The number of watchers existing simultaneously is a critical concern when considering Angular performance. More watchers means a longer digest cycle and a long digest cycle can cause performance issues, especially if triggered often.

The best solution is to avoid creating very complicated views with lots of watchers. If you cannot do that, there are other ways that can help you.

An example is simple techniques like bindonce and built-in one-time binding (since Angular 1.3) - use them for rendering static content.

Although they are simple and helpful, they end up being useless when considering dynamic content. In that case, there is no golden rule. You can use clever solutions like:

  • disabling watchers of not visible/inactive elements

  • creating full behavior of element on hover

But the most important thing is to think twice and remember about primary rules:

  • avoid complicated watcher’s evaluation

  • watcher’s callbacks should not change its own or other watched values to avoid re-triggering the digest cycle

All this may sound complicated, but it quickly becomes habit.

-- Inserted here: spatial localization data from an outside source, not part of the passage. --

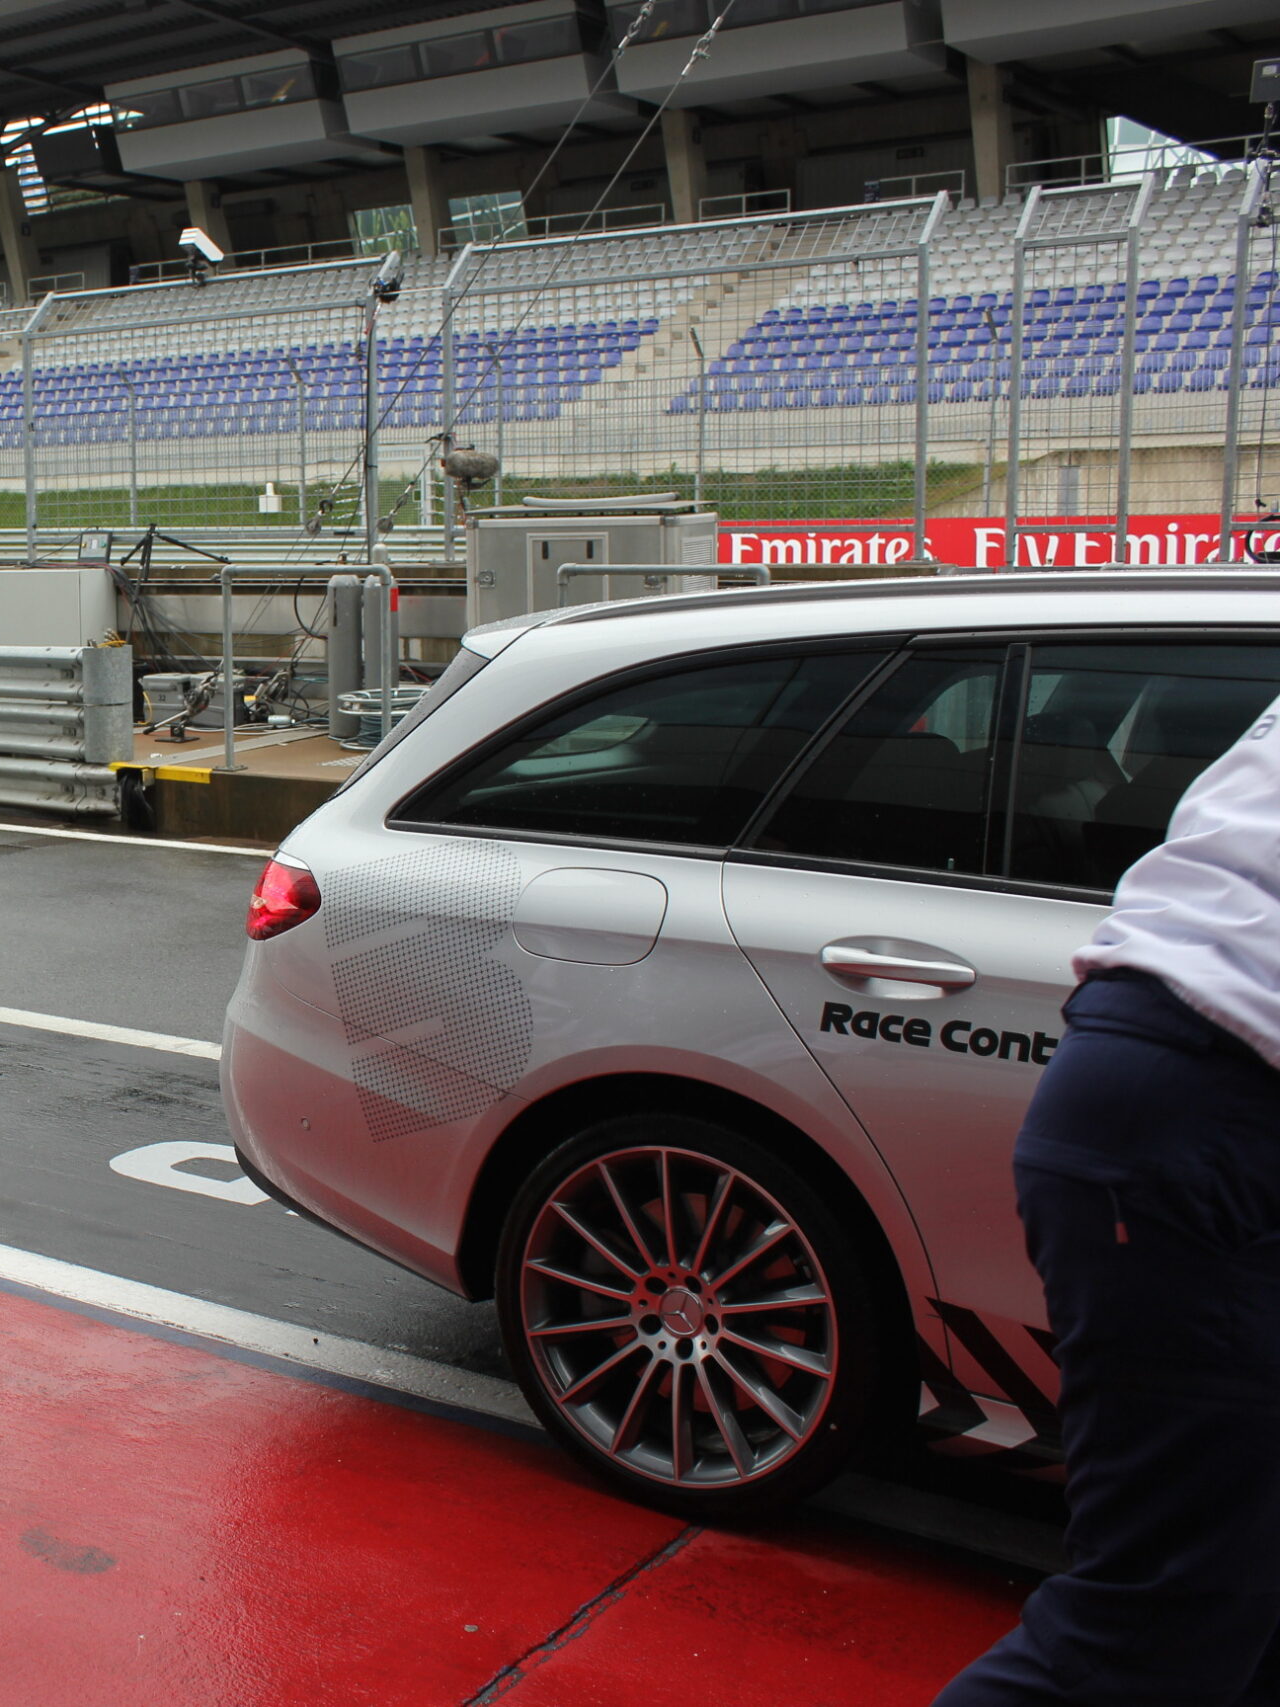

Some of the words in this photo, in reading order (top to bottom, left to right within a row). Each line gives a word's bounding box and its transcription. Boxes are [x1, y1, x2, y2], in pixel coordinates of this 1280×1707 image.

[973, 527, 1060, 567] Fy
[1074, 522, 1280, 565] Emirat
[820, 1001, 932, 1047] Race
[940, 1020, 1059, 1065] Cont
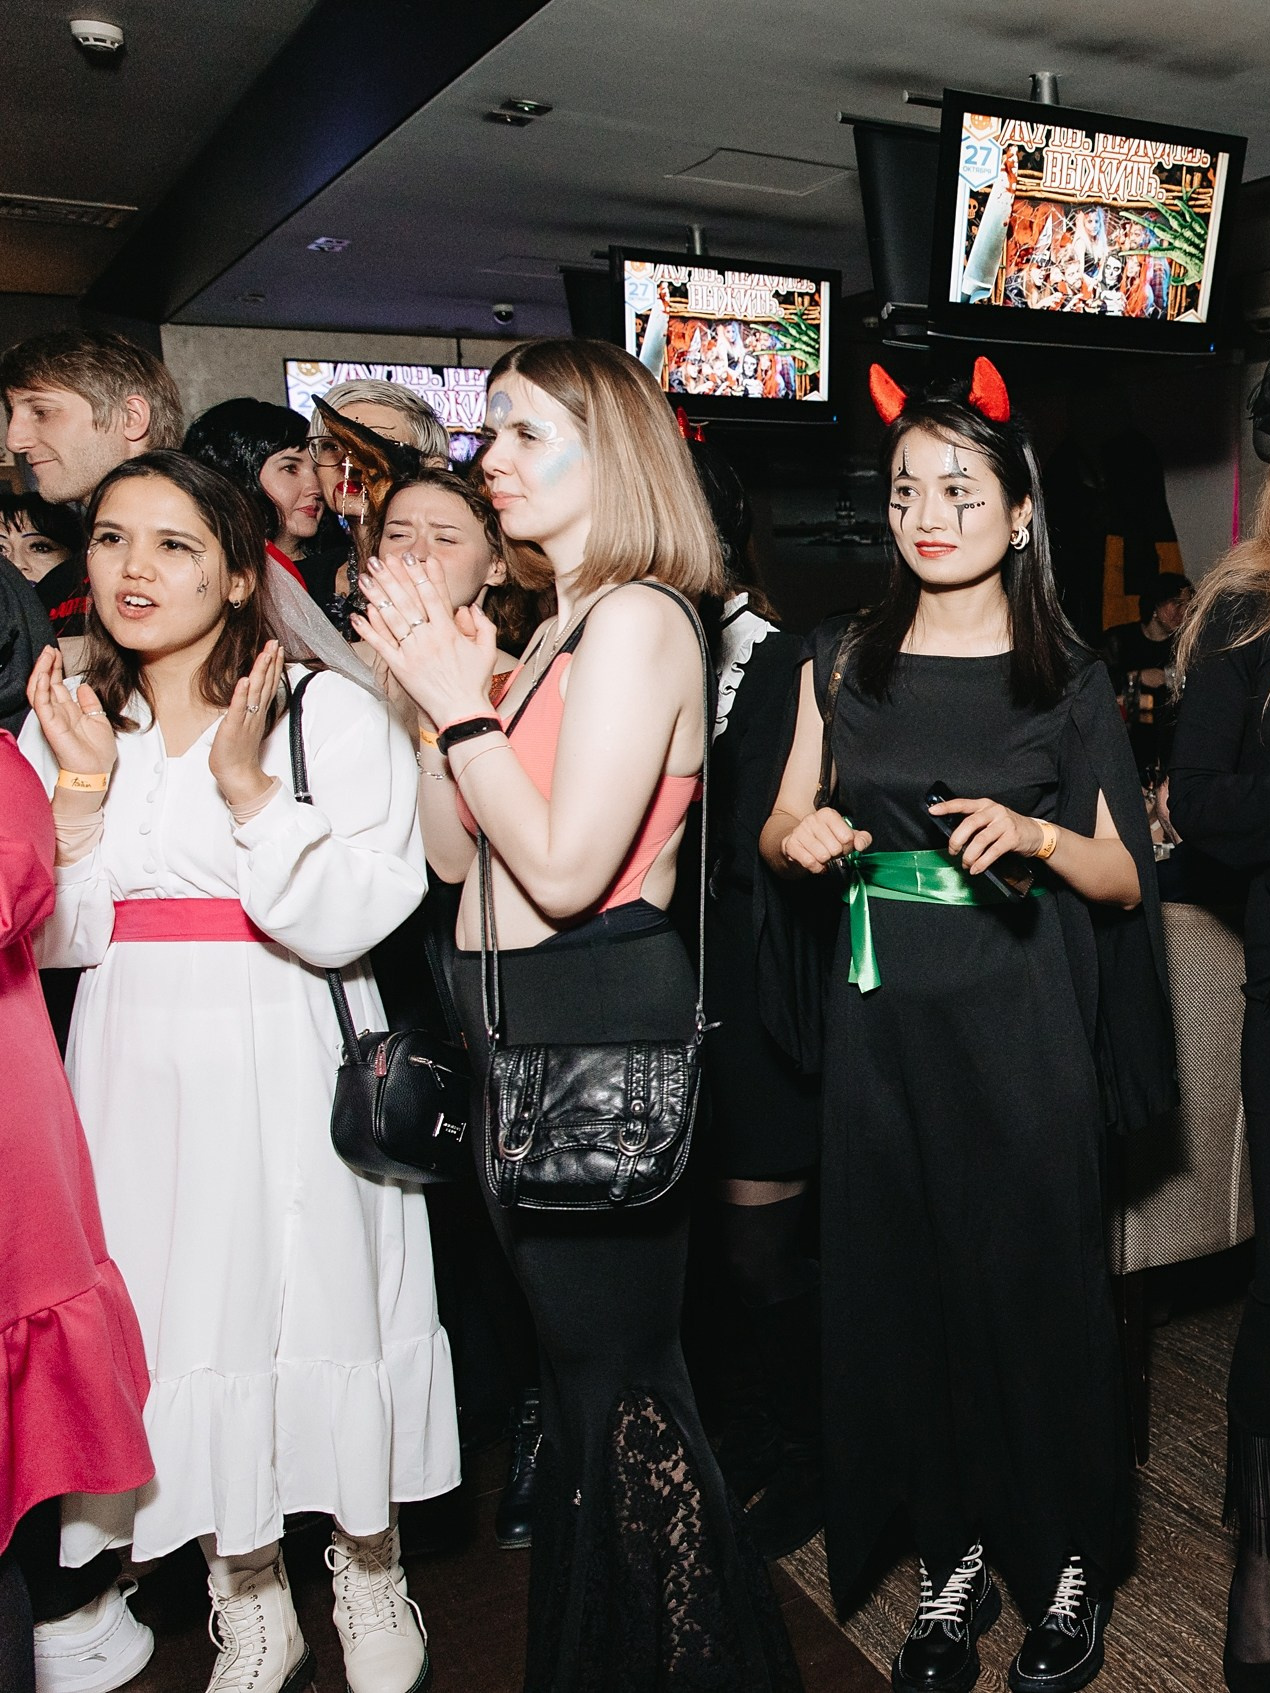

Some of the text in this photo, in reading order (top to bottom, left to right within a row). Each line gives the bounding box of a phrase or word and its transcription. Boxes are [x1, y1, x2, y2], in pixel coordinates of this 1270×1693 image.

Digest and avoid indigestion

There is no way to think about the higher level of Angular performance without understanding a few things:

  • how digest cycle works in general

  • difference between $scope.$apply() and $scope.$digest()

  • list of Angular core features triggering digest cycle

In my opinion, the difference between $scope.$apply() and $scope.$digest() is critical when building big and sophisticated directives. Many people abuse $apply(), if not directly, then in $timeout, $interval and other features that trigger the whole app digest cycle. It’s often necessary and sometimes it’s justified. But sometimes it isn’t. Let’s talk about the latter.

Directives are usually responsible for and only change small parts of the app. So why do we recalculate the whole app to apply only small state change? If a directive changes only its internal state or the DOM, then $scope.$digest() is what we need. This way, the digest cycle is limited to a directive's scope and its children, which is enough to apply those changes. It’s much more efficient, because there are fewer things to recalculate. I beg you, for the sake of your app - look at your directives again and reconsider the way you apply the changes outside of the Angular magic.

This also applies to core Angular features like $timeout and $interval which I mentioned earlier. They trigger $scope.$apply() themselves. Sometimes I replace them with:

setTimeout(function() {
    // your code
}, 100)

setInterval(function() {
    // your code
}, 100)

Some people will call this hacky, but others have no choice. This technique usually gives me the best performance boost.


The techniques discussed above have allowed me to really improve the most critical parts of my applications. The list is not long - I tried not to duplicate content that I read in other articles and tutorials.

Angular is a big, powerful framework, but has its downsides and limits. Design that takes them into account should not even let you think about most of what I mentioned here. I hope this advice will help people to better understand their framework and its performance. If you use all of it and still suffer...well, there is always lightning react.js.